Enter the Arrow C Data interface. This interface is the ABI-stable C-language materialization of the Arrow columnar format and consists of 3 struct definitions that take up a few dozen lines of C. As a developer, you can copy them into any project and produce/consume data from any library that has done the same. The prototype gpkg reader I used in the above benchmark was built using the Arrow C Data interface and takes advantage of the extensive engineering work on the Arrow R language bindings implementing the zero-copy Arrow–R conversion; the GDAL RFC I mentioned above is able to provide massive speed gains for some formats by allowing individual drivers to export Arrow Arrays directly without going through the current rowwise OGR API.

This doesn’t just apply to big compiled libraries like GDAL, PROJ, and GEOS, it’s also a problem within package ecosystems. As a developer it’s hard to control the build environment of your users/package distributors, so you can’t just pass any data structure between packages and assume the other package will interpret it correctly. The sf package handles this by exclusively using R data structures to represent geometry, which are ABI stable and can be interpreted by any other R package. This is great for the R package ecosystem, but doesn’t help a C++/Python developer who wants to make a computational tool available in R. The typical approach is to convert to well-known binary, do a computation, and convert back again (i.e., the GDAL reading problem all over again).

I’m less familiar with how this is done in the Python ecosystem, although I gather that the primary storage type is a pointer to a GEOS geometry (a wrapper around a C++ type), where interpreting the pointer from another package can be problematic depending on how much one can trust that the underlying library was compiled with the same version/flags.

It sounds like a niche problem but the language/package bridge problem has an important consequence: instead of computational tools (and their associated maintenance load) being spread across packages and languages, existing computational tools are forced to duplicate more and more functionality unless they want to be slow. A current example of this is the terra package for R, which duplicates almost all of the sf/stars stack. It’s often faster because it makes better use of sharing C++ objects, at the expense of any would-be extension developer who can’t maintain a tool separately from terra without one or more (probably) slow conversion steps.

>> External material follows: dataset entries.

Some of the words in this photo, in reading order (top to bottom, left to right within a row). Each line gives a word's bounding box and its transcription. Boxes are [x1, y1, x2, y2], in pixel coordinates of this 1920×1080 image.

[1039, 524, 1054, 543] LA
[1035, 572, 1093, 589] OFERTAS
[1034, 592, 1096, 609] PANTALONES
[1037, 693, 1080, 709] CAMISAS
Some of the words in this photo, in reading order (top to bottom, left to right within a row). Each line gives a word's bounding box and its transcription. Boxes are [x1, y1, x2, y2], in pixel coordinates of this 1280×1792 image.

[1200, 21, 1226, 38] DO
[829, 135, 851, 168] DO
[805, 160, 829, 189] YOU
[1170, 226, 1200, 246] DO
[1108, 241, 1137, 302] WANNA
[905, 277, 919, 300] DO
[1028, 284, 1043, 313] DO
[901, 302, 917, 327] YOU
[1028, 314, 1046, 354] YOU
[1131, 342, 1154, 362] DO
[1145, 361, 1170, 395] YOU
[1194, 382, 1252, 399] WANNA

In the OSGeo world, QGIS, GRASS, GDAL, SAGA, lwgeom, Whitebox and others all maintain copies of a lot of format drivers and algorithms. I’m a relatively new to the open source GIS world, but I have seen all of those libraries add functionality over time. Without the history it’s hard to speculate on why that is, but I suspect that it’s because the bridges between them are either slow or difficult to maintain. I think that with Arrow we can build those bridges to be faster and stronger.

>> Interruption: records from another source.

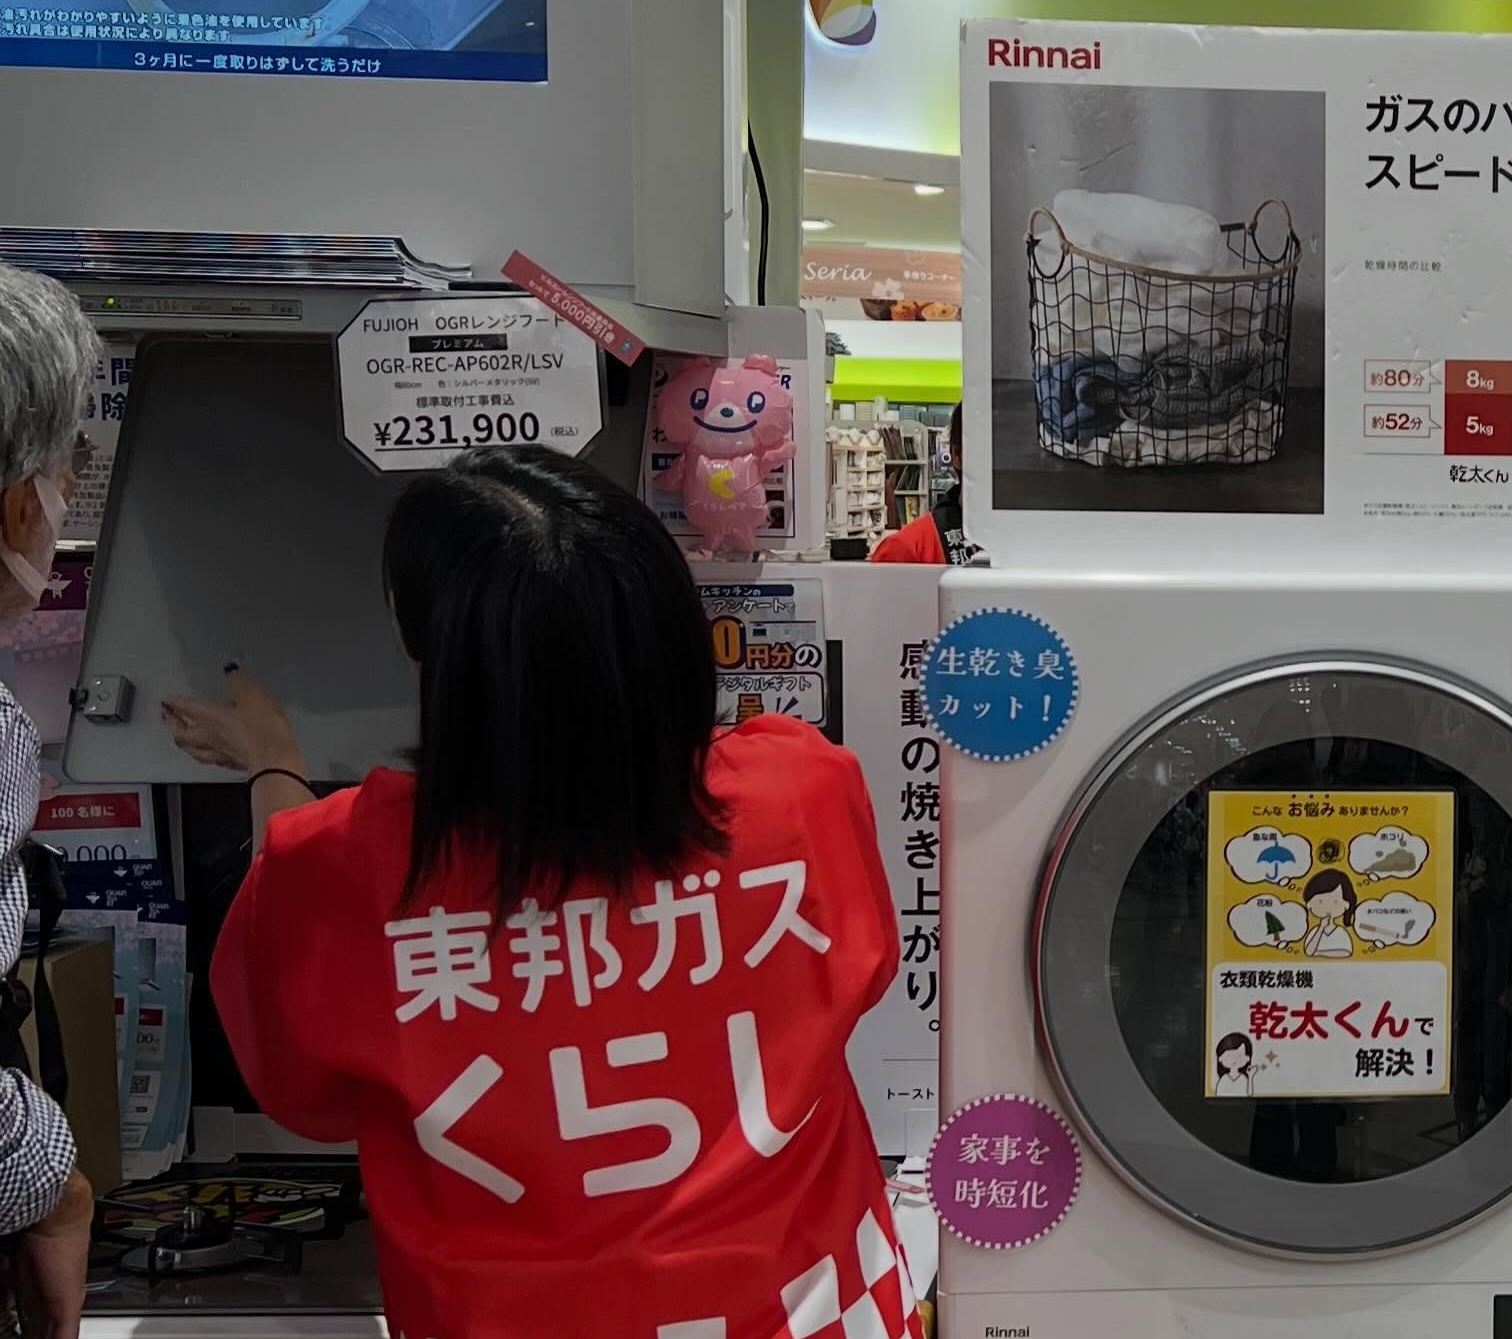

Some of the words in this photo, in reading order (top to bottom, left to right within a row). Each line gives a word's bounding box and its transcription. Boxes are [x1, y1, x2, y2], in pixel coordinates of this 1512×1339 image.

[988, 38, 1102, 71] Rinnai
[804, 261, 872, 281] Seria
[363, 317, 419, 333] FUJIOH
[431, 338, 485, 350] プレミアム
[367, 353, 564, 375] OGR-REC-AP602R/LSV
[1370, 368, 1425, 387] 約80分
[1466, 370, 1495, 390] 8kg
[416, 393, 515, 409] 標準取付工事費込
[374, 412, 540, 448] ¥231,900
[1371, 413, 1423, 431] 約52分
[1465, 416, 1494, 436] 5kg
[1449, 464, 1510, 484] 乾太くん
[936, 645, 1065, 681] 生乾き臭
[938, 693, 1051, 722] カット！
[50, 807, 74, 819] 100
[1252, 805, 1283, 816] こんな
[1288, 801, 1336, 818] お悩み
[384, 859, 832, 1024] 東邦ガス
[1220, 970, 1314, 989] 衣類乾燥機
[1249, 1000, 1435, 1040] 乾太くんで
[1355, 1047, 1434, 1078] 解決！
[885, 1087, 935, 1100] トースト
[413, 1010, 823, 1205] くらし
[958, 1133, 1050, 1166] 家事を
[955, 1177, 1049, 1209] 時短化
[985, 1326, 1030, 1339] Rinnai
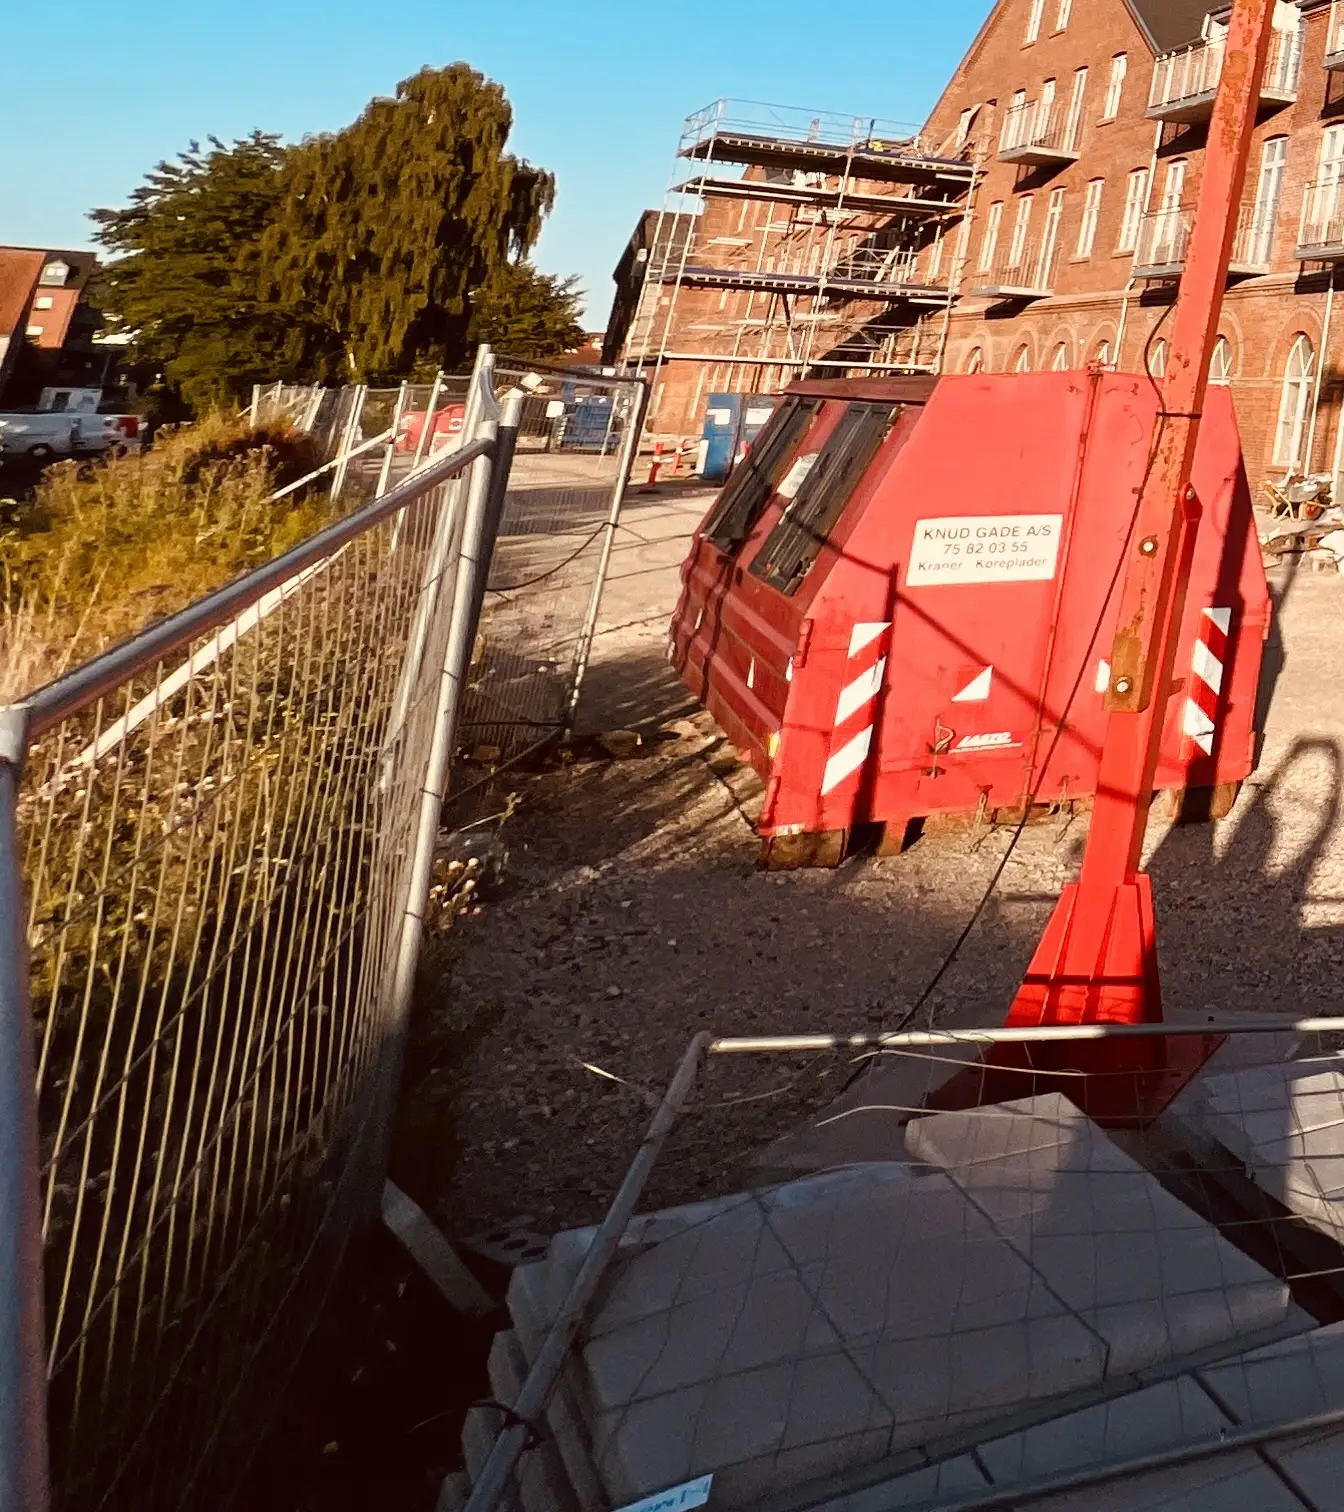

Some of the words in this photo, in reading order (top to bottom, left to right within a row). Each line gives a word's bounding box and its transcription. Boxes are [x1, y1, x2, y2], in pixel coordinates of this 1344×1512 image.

[924, 527, 970, 539] KNUD
[975, 526, 1020, 538] GADE
[1026, 525, 1052, 536] A/S
[944, 543, 961, 555] 75
[965, 542, 984, 555] 82
[988, 541, 1006, 554] 03
[1011, 541, 1028, 553] 55
[918, 560, 963, 571] Kraner

The GeoArrow Specification

Arrow defines a rich set of types to encode vectors of pretty much anything…integers, doubles, strings, dates, times, nested lists, and more. It doesn’t define an encoding for a geometry, but there is an in-development set of extension types to do just that. This means we can leverage the ABI-stability of the Arrow C Data interface for sending geometries among languages, packages, and runtimes. The first draft memory layout was just finalized and we should have a formalized set of metadata fields soon for encoding things like CRS and spherical/planar edges. (All of these are prototyped in the geoarrow R package prototype, the geoarrow Python package prototype and the GDAL driver so that we can get community feedback before finalizing the definitions).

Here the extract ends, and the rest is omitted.